Crude oil futures finished lower Wednesday, edging off five-month highs after back-to-back session gains, weighed by strength in the U.S. dollar even after some gains were trimmed following the Federal Reserve’s policy announcement.
The policy-setting Federal Open Market Committee kept its main policy rate target unchanged at a 5.25%-5.5% range and left its median estimate for rates by year-end at a level that implies three quarter-point rate cuts for 2024.
The Fed’s rate decision was within expectations and the impact on oil markets was limited, oil analyst Andrew Lipow told Reuters.

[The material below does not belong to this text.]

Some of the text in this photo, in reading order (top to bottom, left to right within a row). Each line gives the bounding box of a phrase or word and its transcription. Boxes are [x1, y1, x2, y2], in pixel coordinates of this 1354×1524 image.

Meanwhile, the U.S. Energy Information Administration reported domestic crude oil stockpiles fell by a greater than expected 2M barrels last week, which Kpler analyst Matt Smith attributed to higher refinery runs and strong crude oil exports.

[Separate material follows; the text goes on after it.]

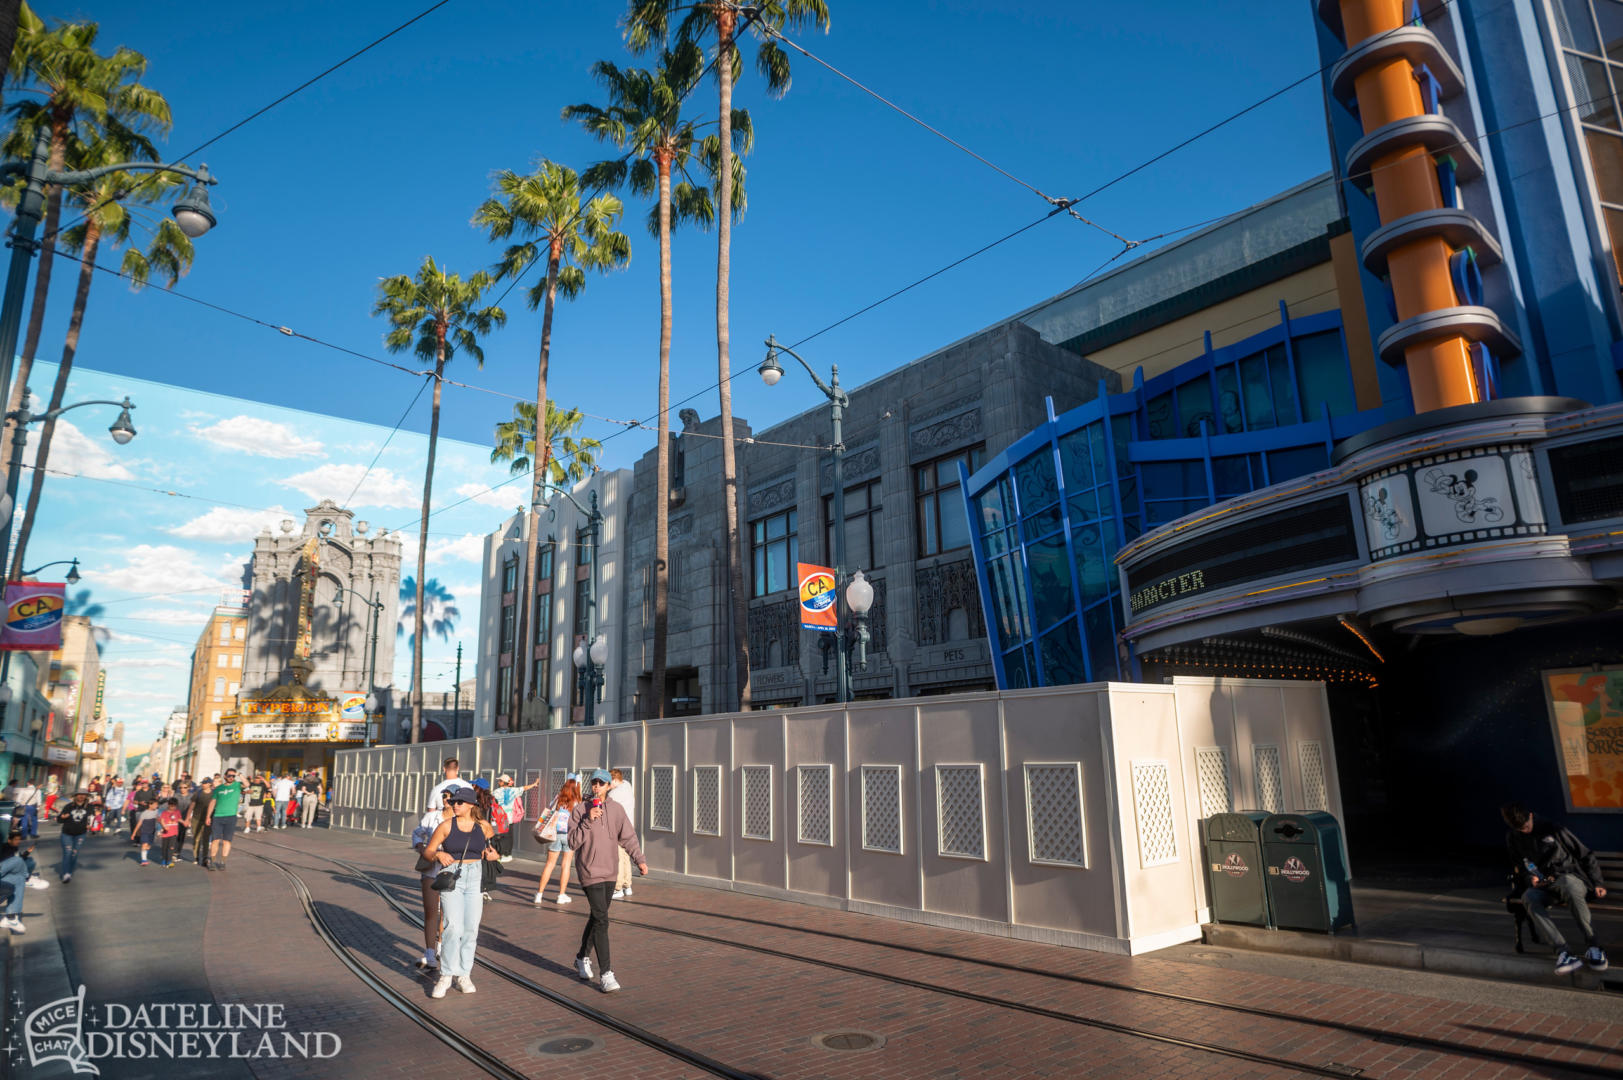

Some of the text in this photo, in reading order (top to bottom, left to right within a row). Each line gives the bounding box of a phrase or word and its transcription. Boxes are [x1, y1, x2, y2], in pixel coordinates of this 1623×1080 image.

Front-month Nymex crude (CL1:COM) for April delivery, which expire today, closed -2.1% to $81.68/bbl, and front-month May Brent crude (CO1:COM) ended -1.6% to $85.95/bbl, a day after both benchmarks achieved their best settlements since late October.
ETFs: (NYSEARCA:USO), (BNO), (UCO), (SCO), (USL), (DBO), (DRIP), (GUSH), (NRGU), (USOI)
Carlyle Group’s Jeff Currie told Bloomberg this week that commodities are in a “classic late-cycle rally,” and he sees crude oil rising well above the current $70-$90/bbl consensus if the Fed moves to cut interest rates in the coming months.
“I want to be long oil and the rest of the commodity complex in this environment,” Currie told Bloomberg TV in his first interview since joining Carlyle from Goldman Sachs.